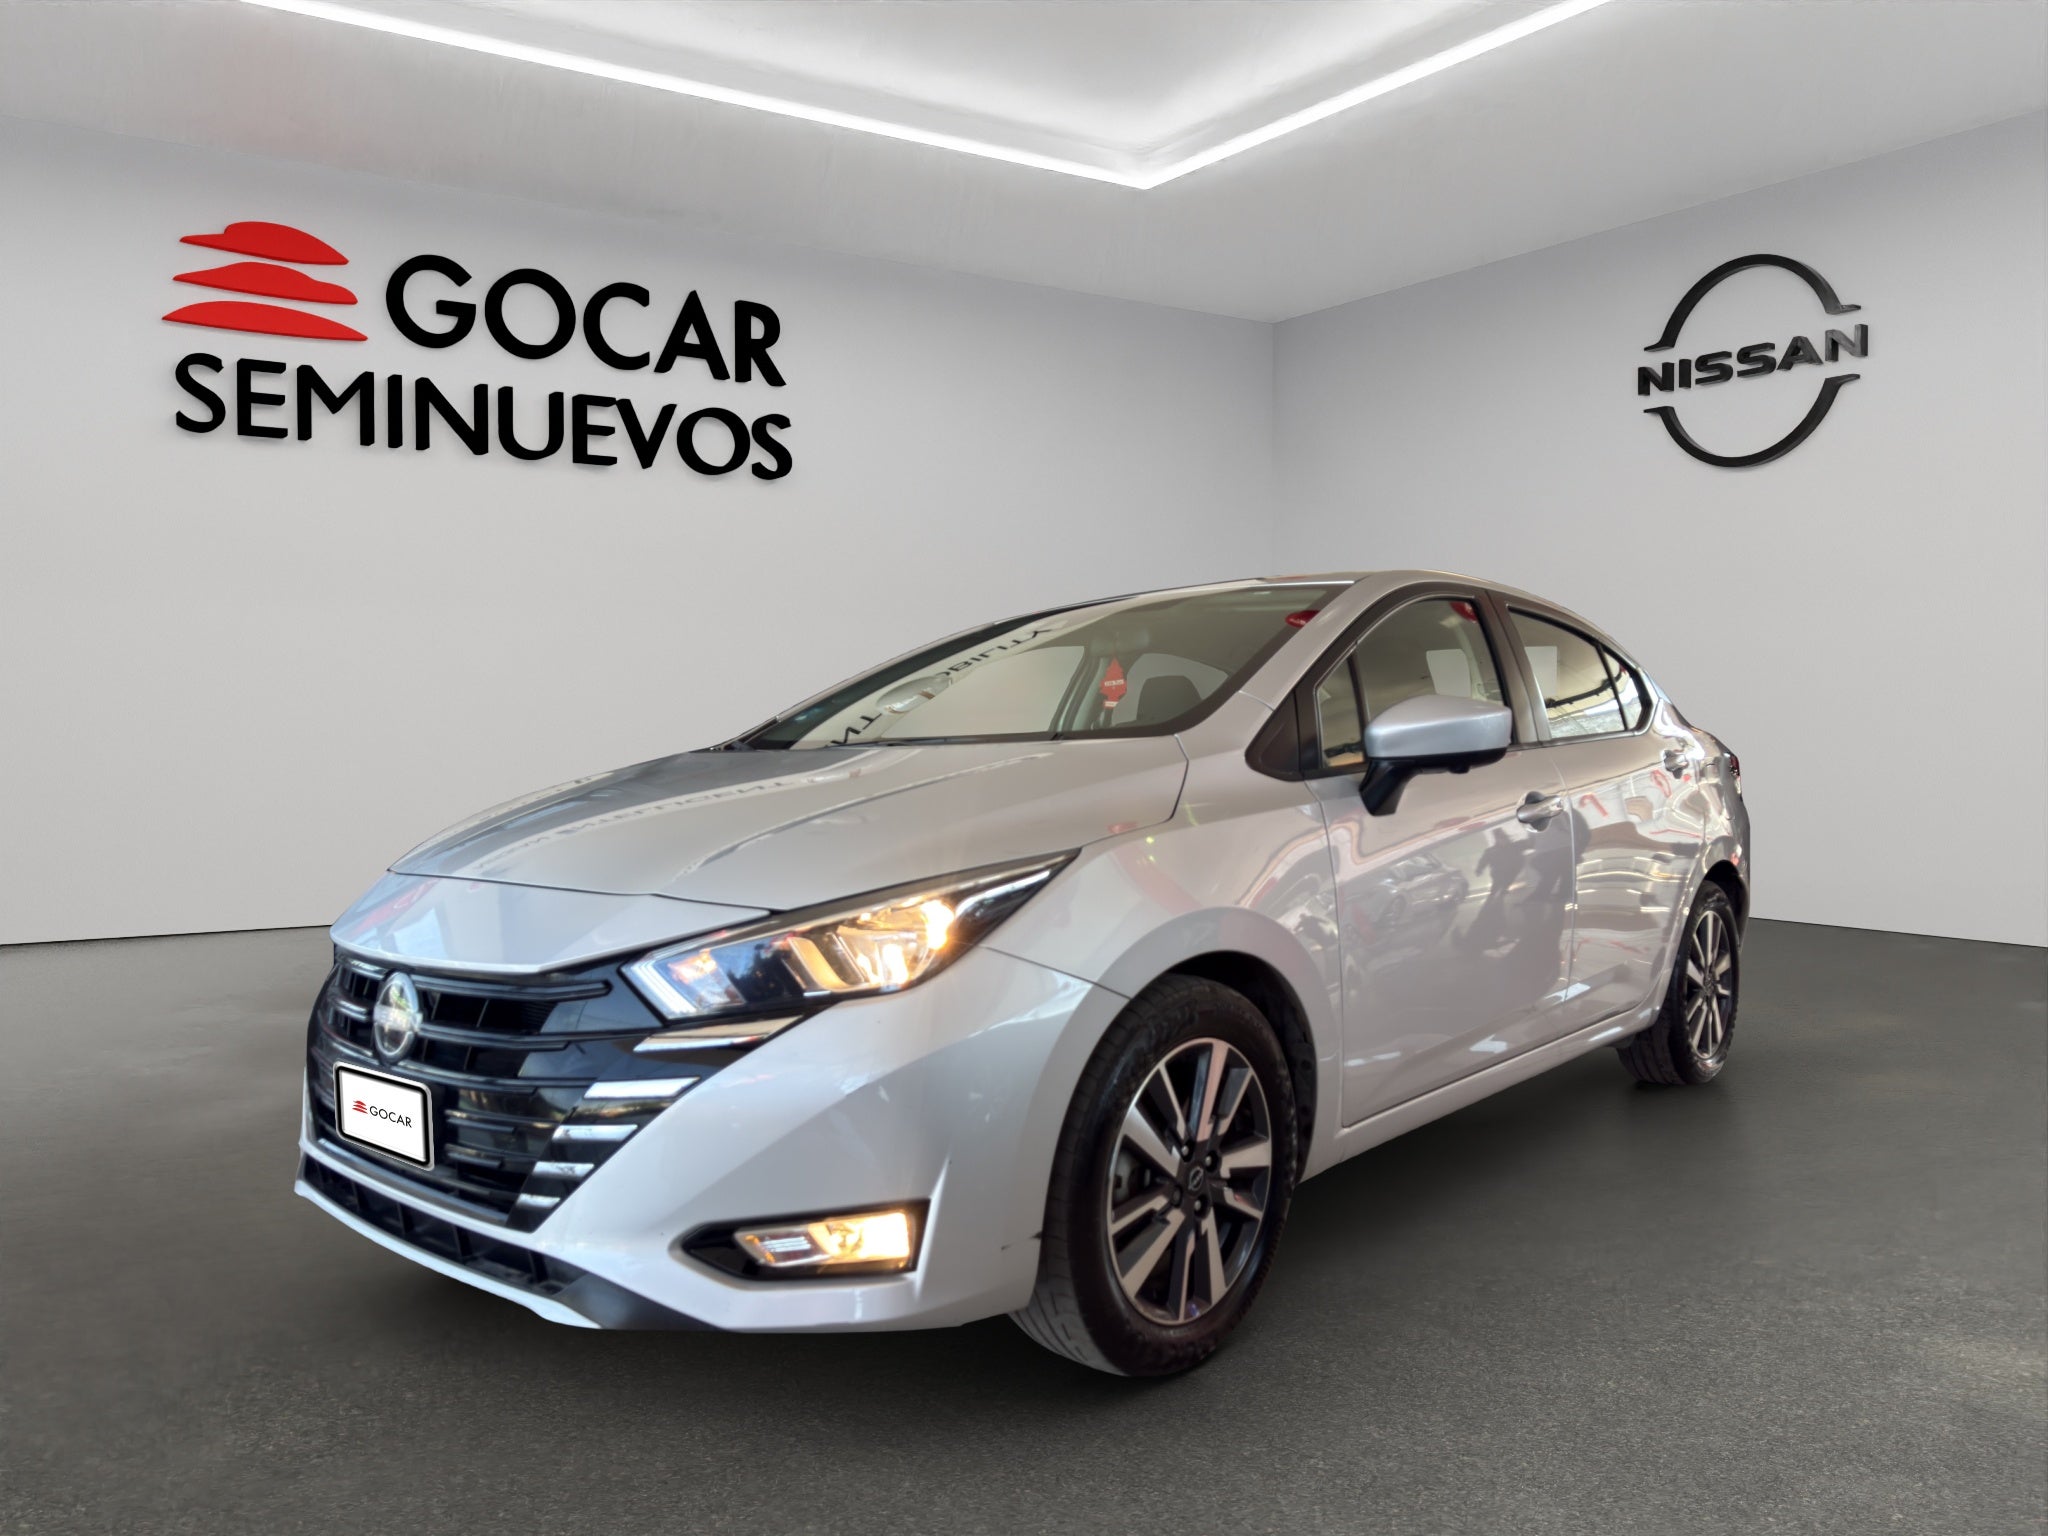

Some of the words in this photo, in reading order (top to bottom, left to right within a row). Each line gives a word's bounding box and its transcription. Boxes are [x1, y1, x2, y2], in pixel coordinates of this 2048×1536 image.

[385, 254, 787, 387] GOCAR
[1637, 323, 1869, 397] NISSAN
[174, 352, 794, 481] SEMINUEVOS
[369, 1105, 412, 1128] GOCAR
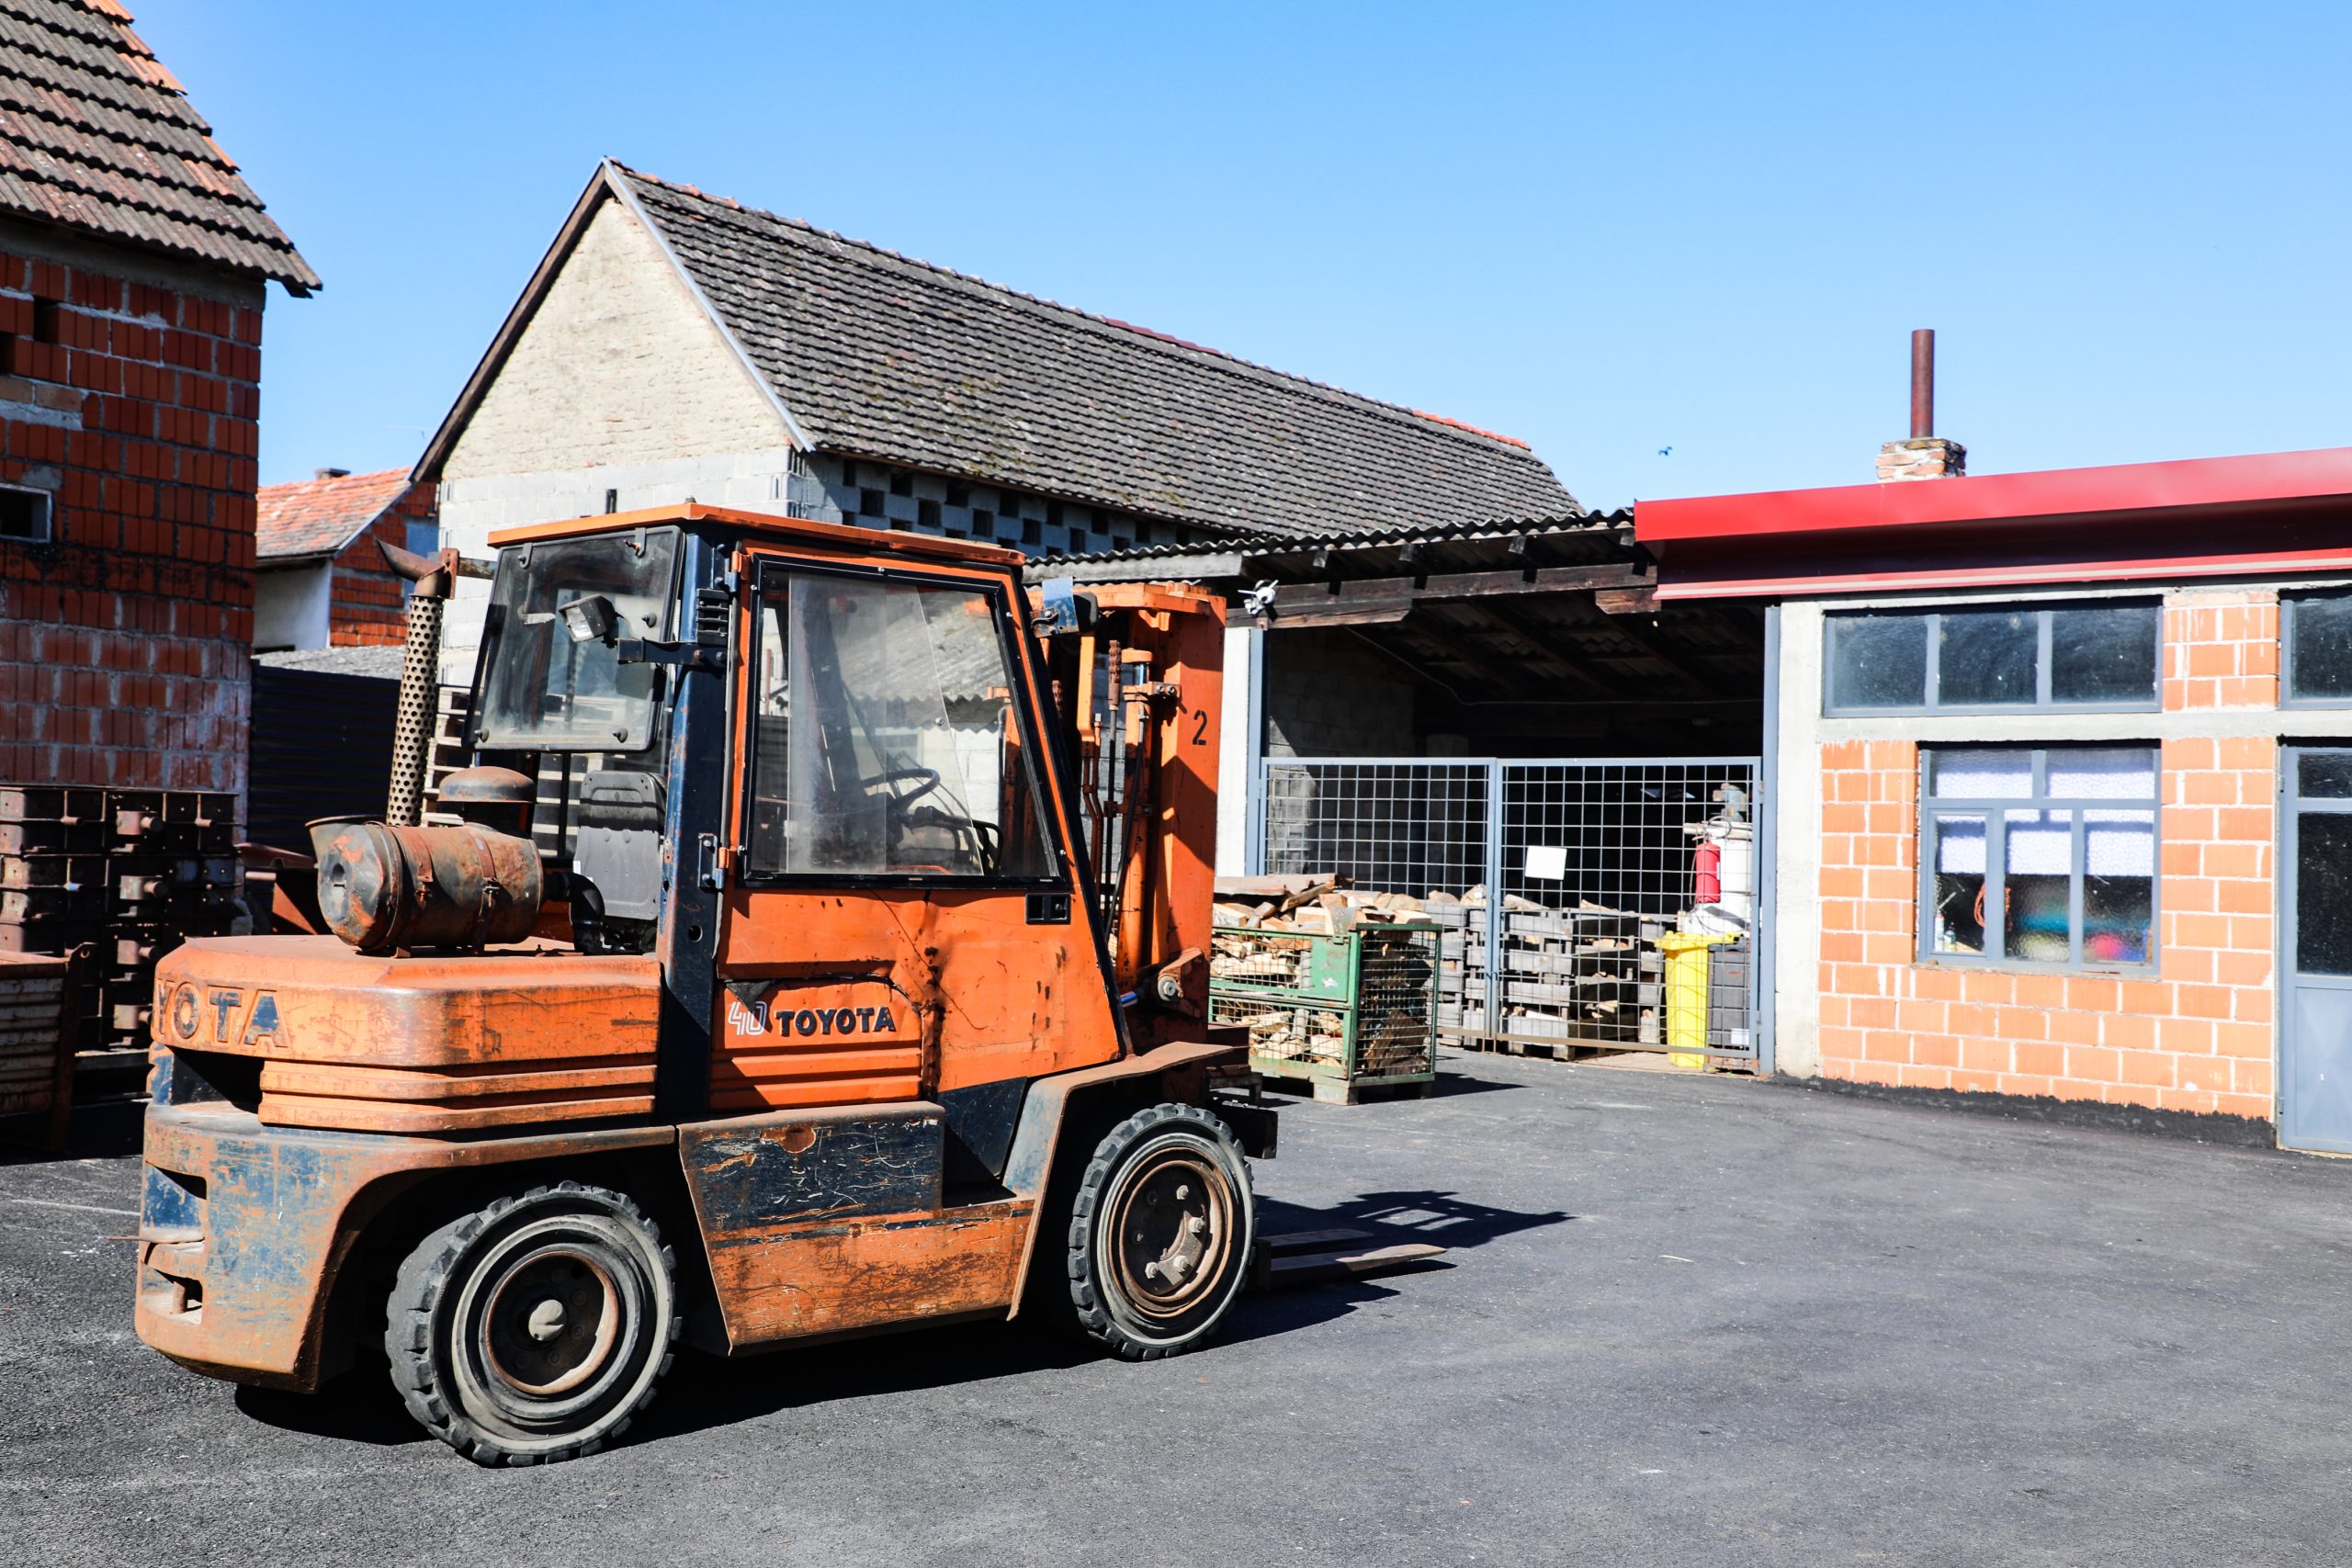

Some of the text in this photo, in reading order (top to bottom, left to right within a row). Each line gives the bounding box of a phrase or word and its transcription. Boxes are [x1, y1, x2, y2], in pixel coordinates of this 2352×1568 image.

> [WHAT TO DO] All of the data above needs to be given again exactly. Leave out each image.

> [ANSWER TO THIS PROBLEM]
Some of the words in this photo, in reading order (top to bottom, left to right within a row). Each line gives a word's bounding box and its transcription. Boxes are [x1, y1, x2, y2], in pixel coordinates of this 2048×1536 image.

[385, 254, 787, 387] GOCAR
[1637, 323, 1869, 397] NISSAN
[174, 352, 794, 481] SEMINUEVOS
[369, 1105, 412, 1128] GOCAR

Some of the text in this photo, in reading order (top to bottom, left to right within a row). Each line gives the bounding box of a phrase or word and its transcription. Boxes are [x1, y1, x2, y2], in pixel coordinates of this 2352×1568 image.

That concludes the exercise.